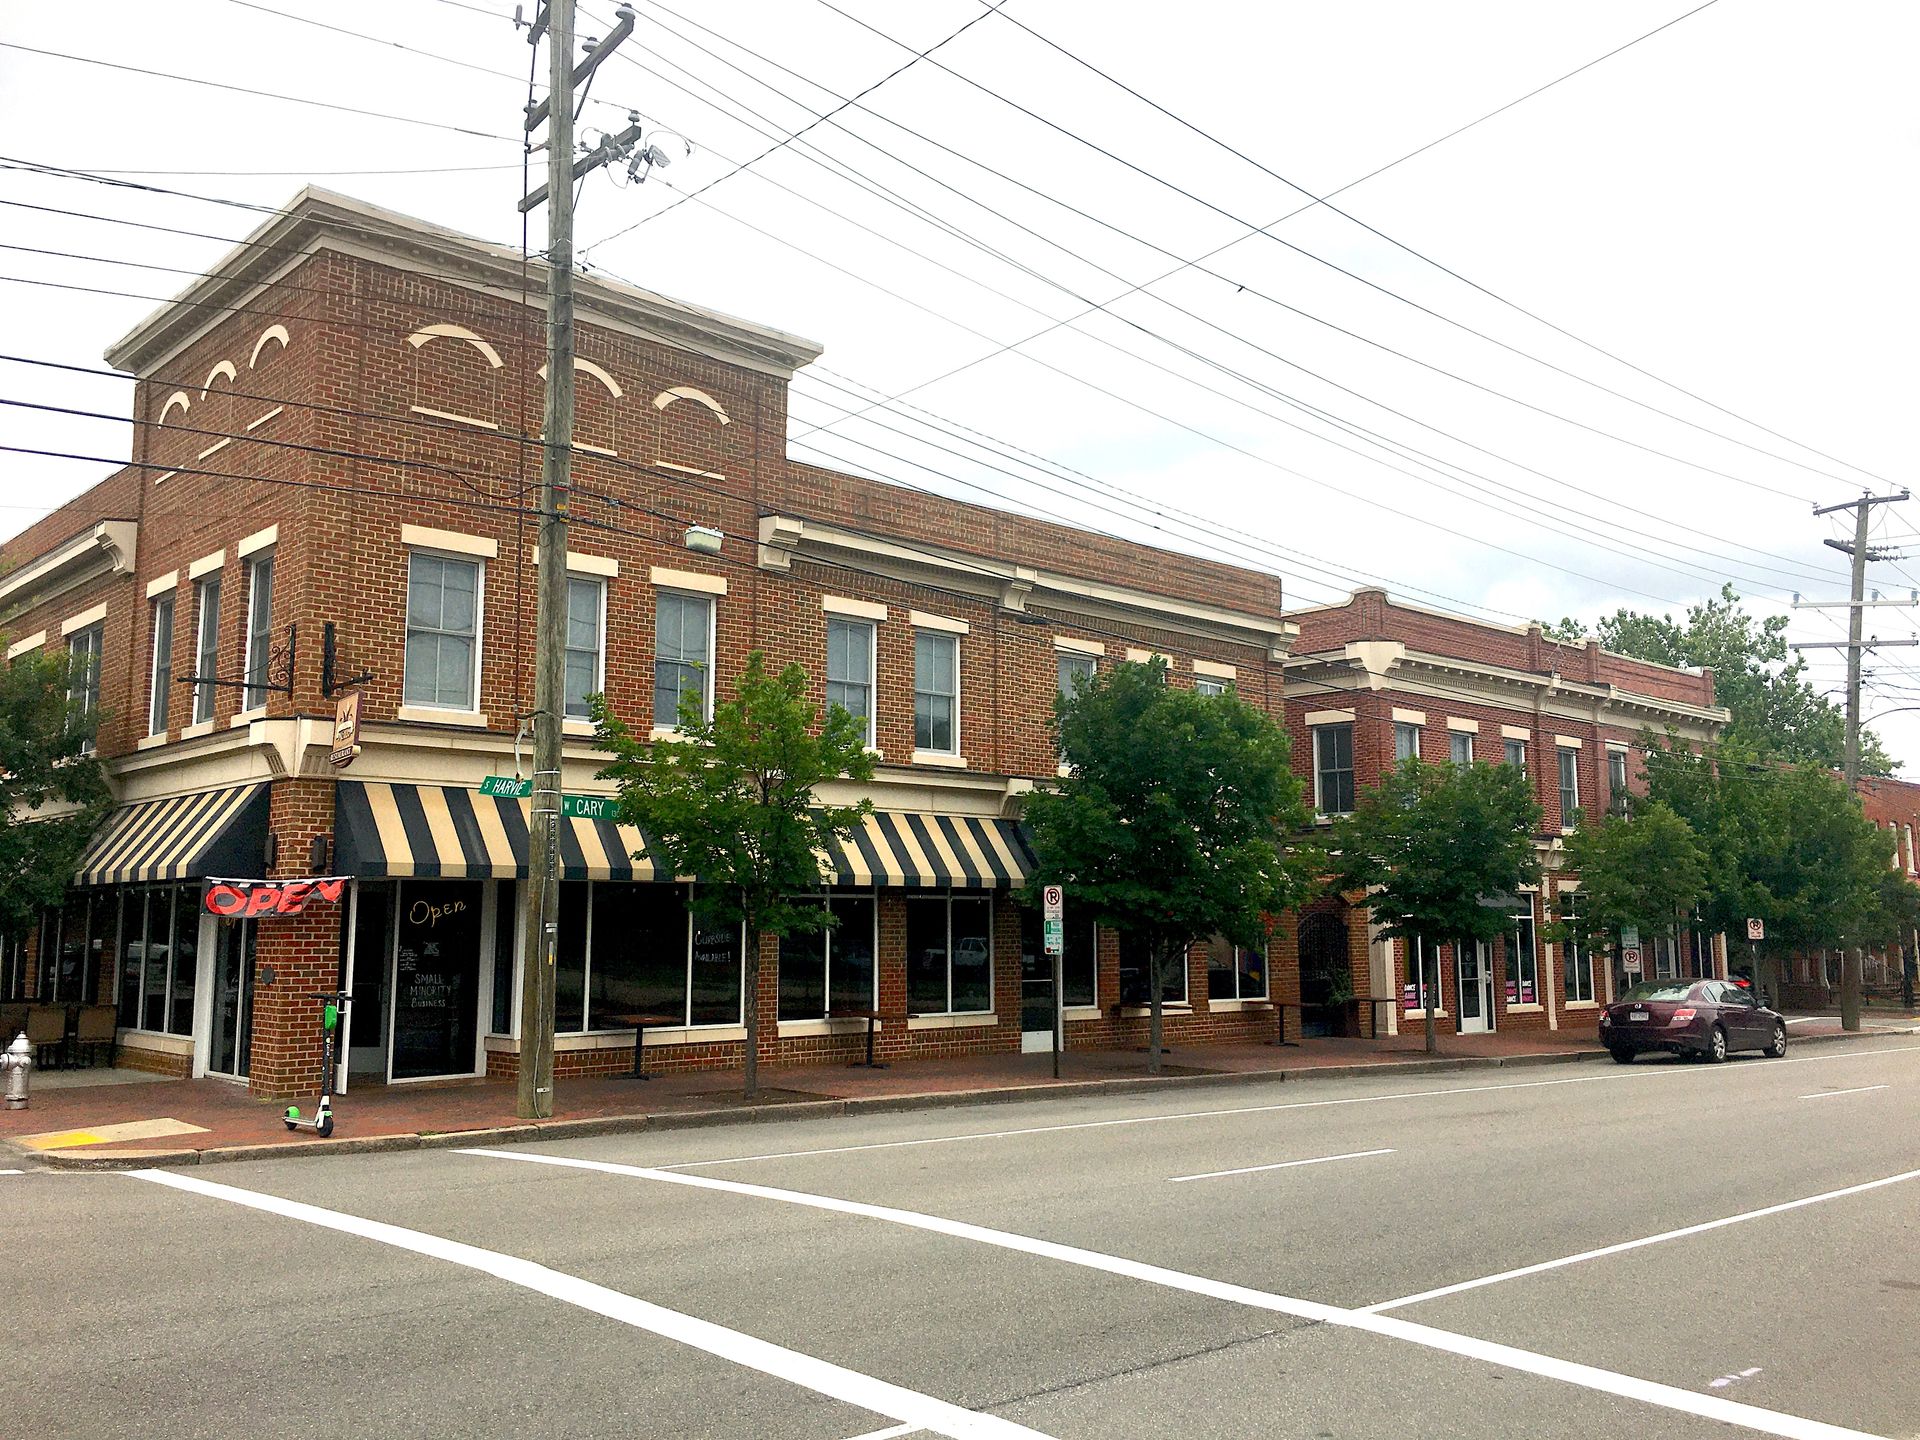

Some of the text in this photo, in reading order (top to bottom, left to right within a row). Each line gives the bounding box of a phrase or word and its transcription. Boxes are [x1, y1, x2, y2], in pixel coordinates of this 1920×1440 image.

[484, 780, 490, 789] S
[492, 779, 526, 796] HARVIE
[564, 801, 571, 811] W
[576, 799, 605, 816] CARY
[205, 879, 345, 916] OPEN
[409, 900, 467, 929] Open
[414, 973, 443, 985] SMALL
[410, 985, 451, 997] MINORITY
[411, 997, 446, 1008] BUSINESS
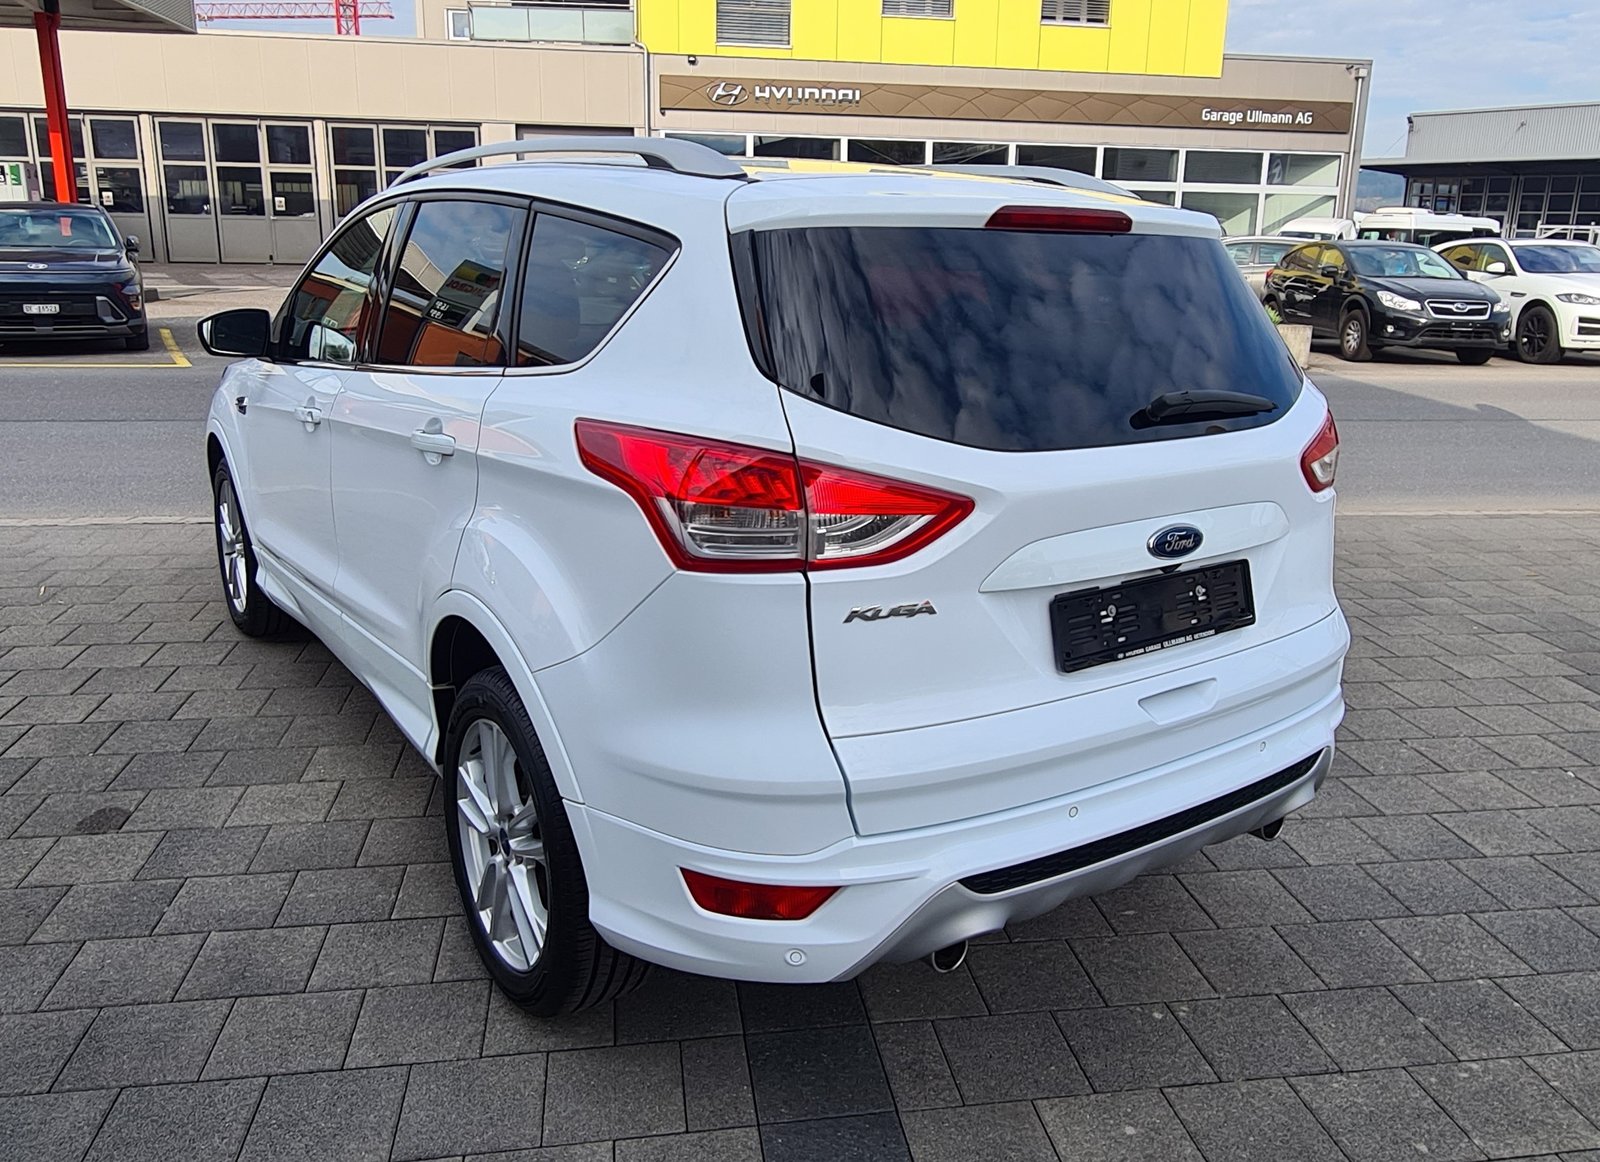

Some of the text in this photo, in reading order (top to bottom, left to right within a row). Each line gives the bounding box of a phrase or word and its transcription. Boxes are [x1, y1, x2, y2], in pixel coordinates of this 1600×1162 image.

[754, 85, 862, 107] HYUNDAI
[1201, 108, 1313, 125] Garage Ullmann AG
[1164, 531, 1196, 552] Ford
[842, 600, 938, 624] KUGA

※ ※ ※

> _What the task requires_: Copy out all the data without changing anything, and drop the pictures.

> _Exercise response_:
Some of the text in this photo, in reading order (top to bottom, left to right within a row). Each line gives the bounding box of a phrase or word and its transcription. Boxes are [x1, y1, x2, y2], in pixel coordinates of this 1920×1440 image.

[484, 780, 490, 789] S
[492, 779, 526, 796] HARVIE
[564, 801, 571, 811] W
[576, 799, 605, 816] CARY
[205, 879, 345, 916] OPEN
[409, 900, 467, 929] Open
[414, 973, 443, 985] SMALL
[410, 985, 451, 997] MINORITY
[411, 997, 446, 1008] BUSINESS

Some of the text in this photo, in reading order (top to bottom, left to right within a row). Each line gives the bounding box of a phrase or word and its transcription. Boxes are [x1, y1, x2, y2], in pixel coordinates of this 1600×1162 image.

[754, 85, 862, 107] HYUNDAI
[1201, 108, 1313, 125] Garage Ullmann AG
[1164, 531, 1196, 552] Ford
[842, 600, 938, 624] KUGA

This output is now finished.